The council is composed of retired Israel Defense Force senior officers who maintain that Israel’s security needs can be fully satisfied without continuing to rule over more than a million Palestinians.
“We believe our views truly represent the majority views of American Jews,” Mann said. “We expressed concern that the present ‘window of opportunity’ may not remain open much longer,” he added, recalling the group’s meeting with Arens.
“Window of opportunity” is a favorite metaphor of the Bush administration to describe the situation in the Middle East since the Persian Gulf war.
Mann said his group came to Israel under the impression that it was heading toward peace. “Maybe we are wrong; perhaps things are going on between Shamir and Baker that we don’t know about,” Mann said.
But he was not hopeful.
“It is clear to me that this government is no more interested this year in withdrawal (from the administered territories) than it was last year,” Mann said.

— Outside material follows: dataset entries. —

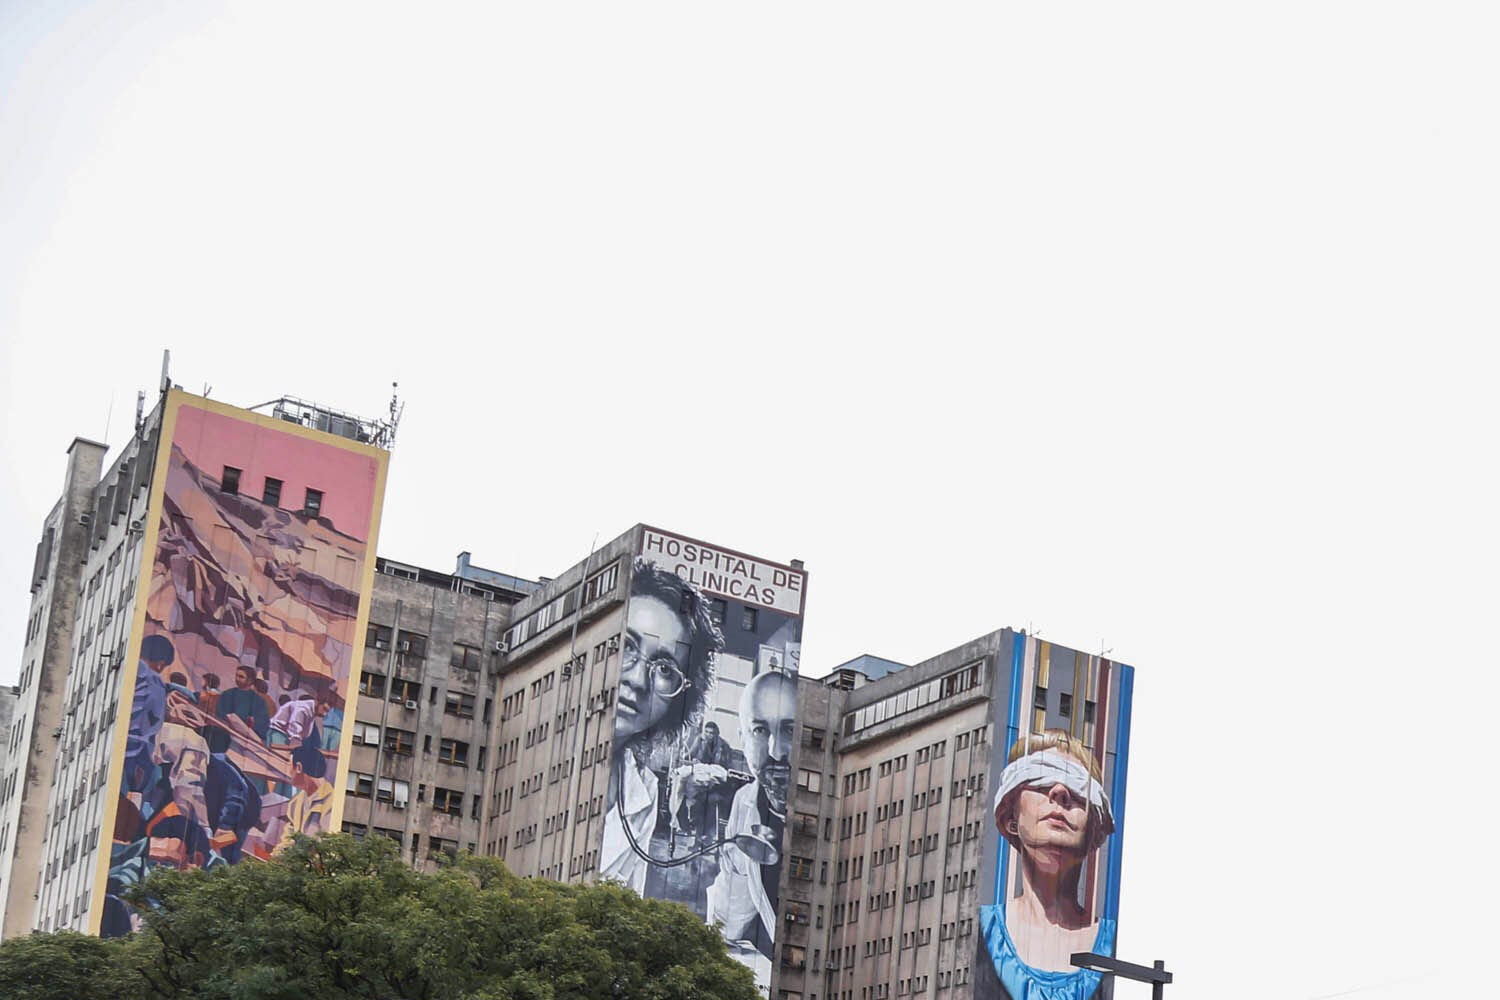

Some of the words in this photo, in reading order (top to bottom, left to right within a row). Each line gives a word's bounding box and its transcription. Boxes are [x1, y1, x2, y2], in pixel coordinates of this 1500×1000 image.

[647, 533, 762, 582] HOSPITAL
[772, 570, 801, 592] DE
[674, 563, 776, 606] CLINICAS
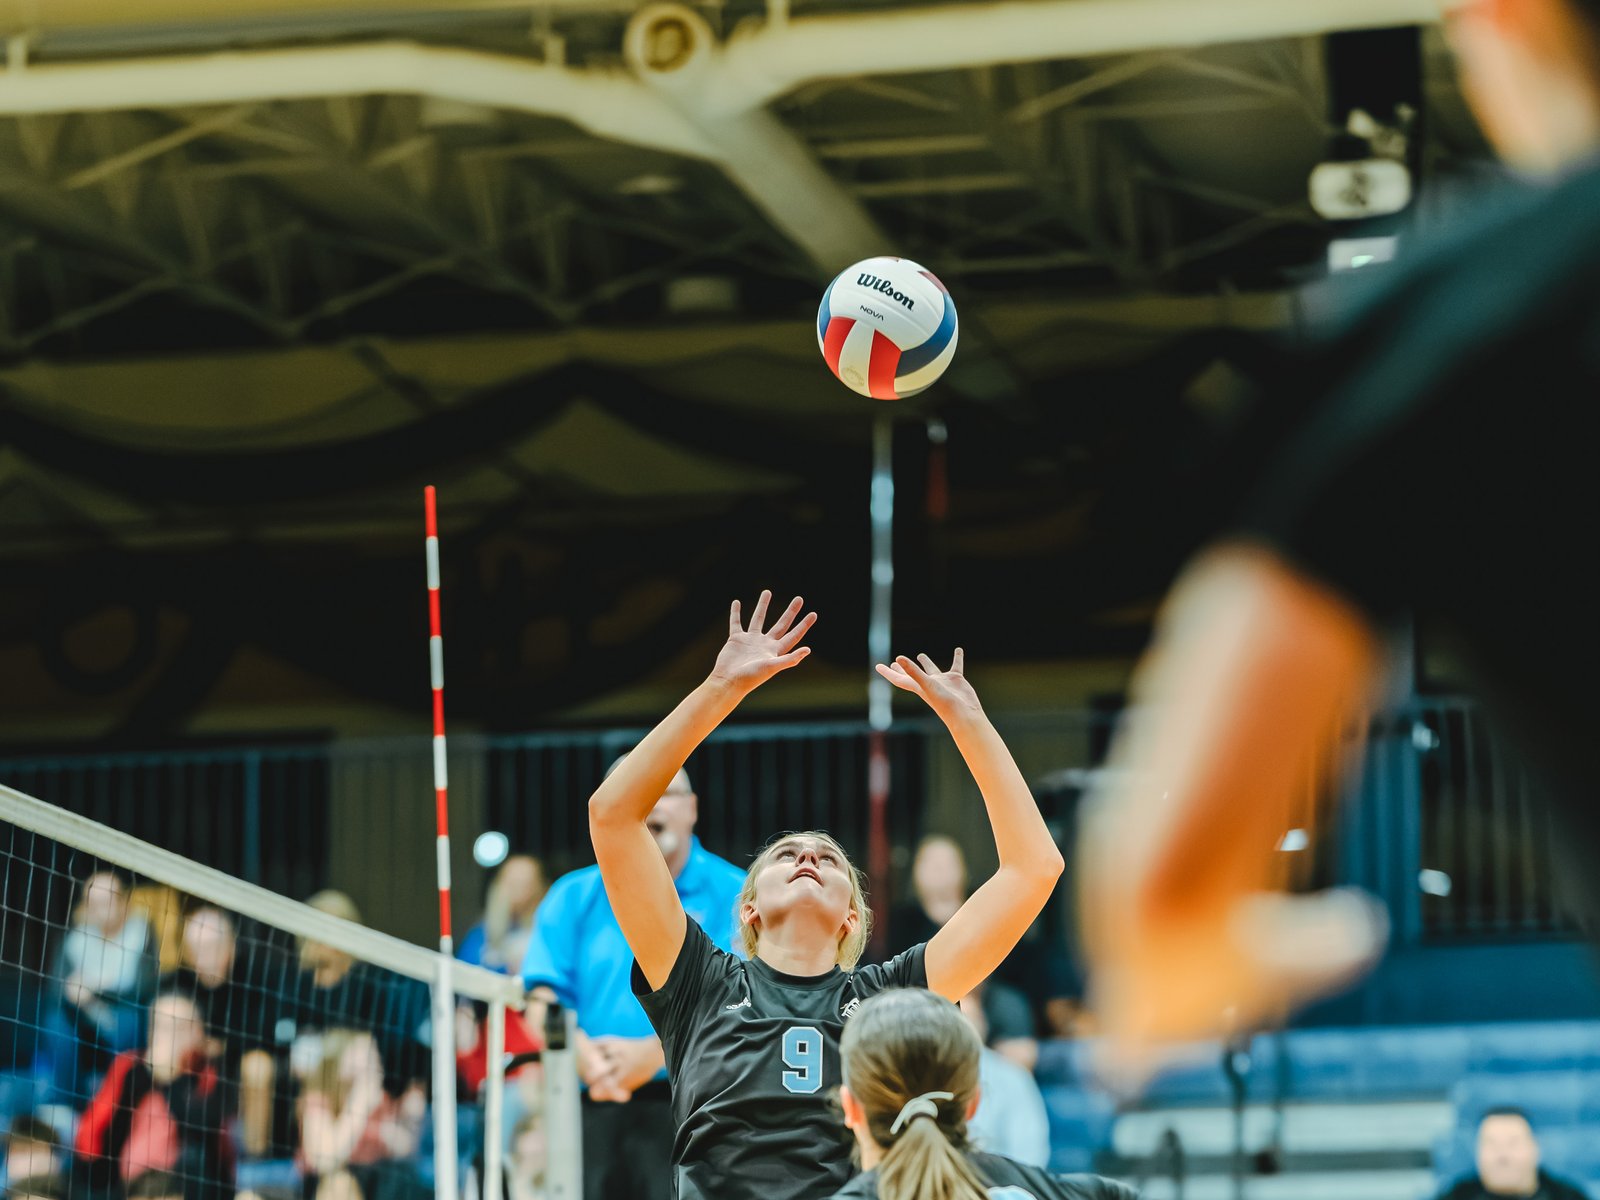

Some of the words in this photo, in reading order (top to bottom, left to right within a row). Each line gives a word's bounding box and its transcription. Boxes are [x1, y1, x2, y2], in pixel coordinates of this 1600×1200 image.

[857, 272, 915, 311] Wilson
[860, 305, 885, 321] NOVA
[782, 1026, 823, 1094] 9

He warned that in the event of a political stalemate in the Middle East, the United States would exert pressure on Israel and on the other parties to the conflict, “because without such pressure, peace would be difficult to achieve.”

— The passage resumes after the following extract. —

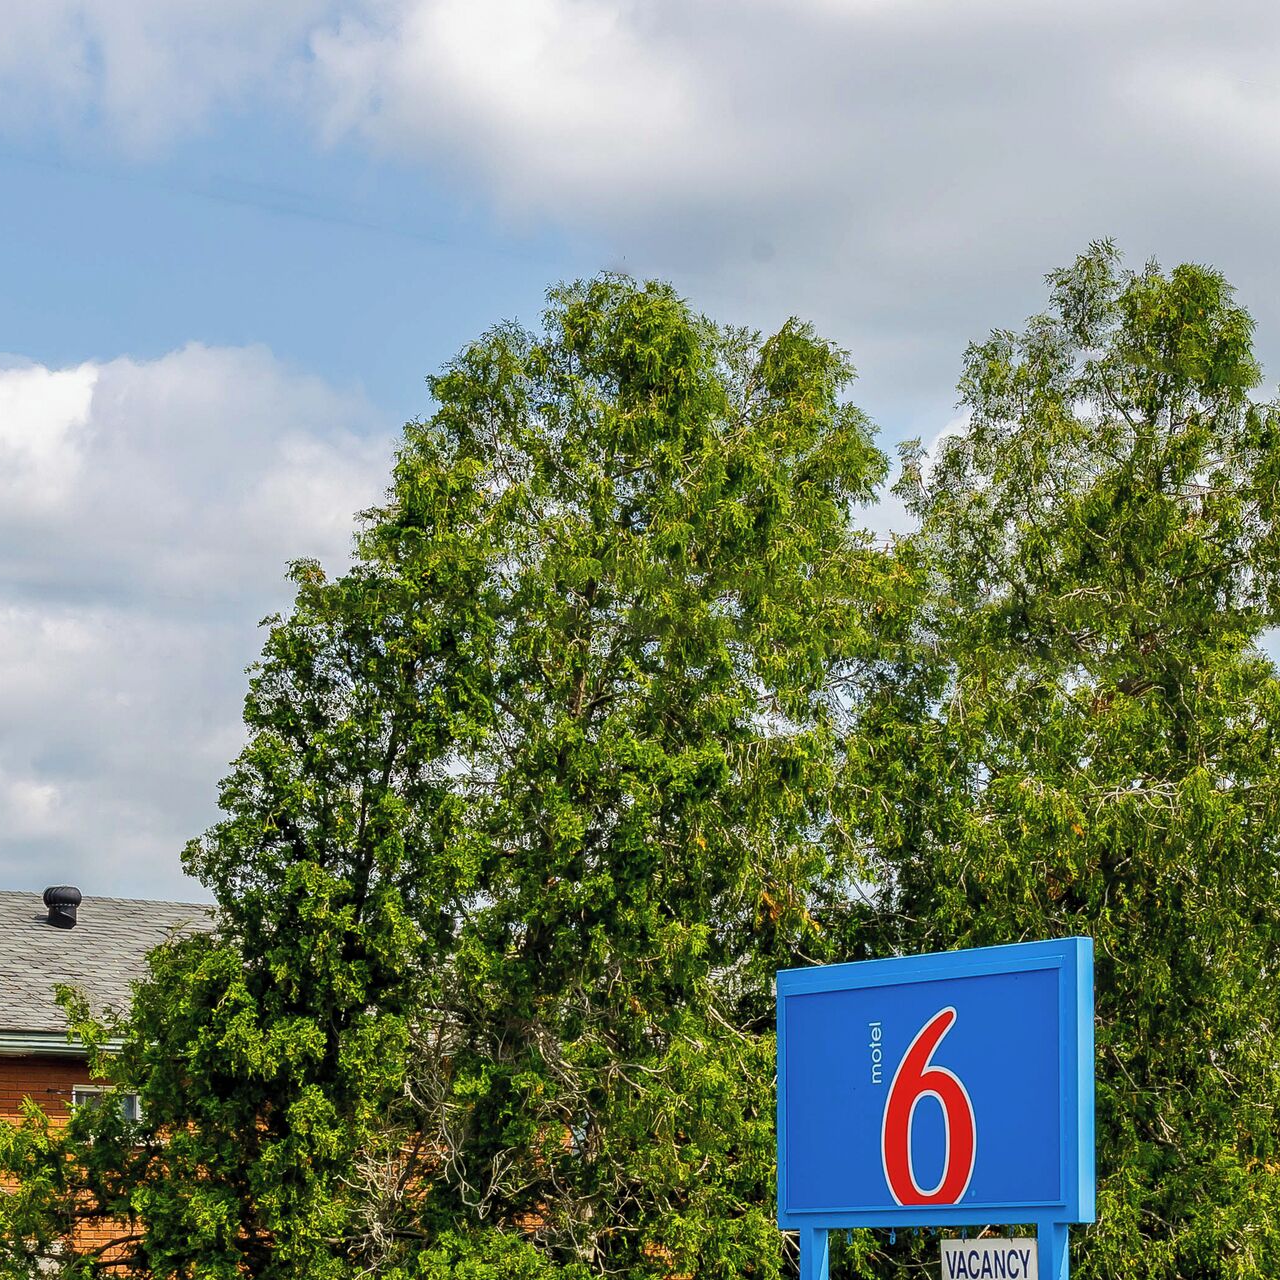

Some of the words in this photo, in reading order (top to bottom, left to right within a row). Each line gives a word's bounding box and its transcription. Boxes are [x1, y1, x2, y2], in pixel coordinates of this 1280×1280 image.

In addition to Mann, the group of 14 included such leaders as Hyman Bookbinder, former Washington representative of the American Jewish Committee; Esther Leah Ritz, past president of JWB and of the Milwaukee Jewish Federation; and three past national chairs of the National Jewish Community Relations Advisory Council: Michael Pelavin of Flint, Mich.; Jacqueline Levine of Metro West, N.J.; and Jordan Band of Cleveland.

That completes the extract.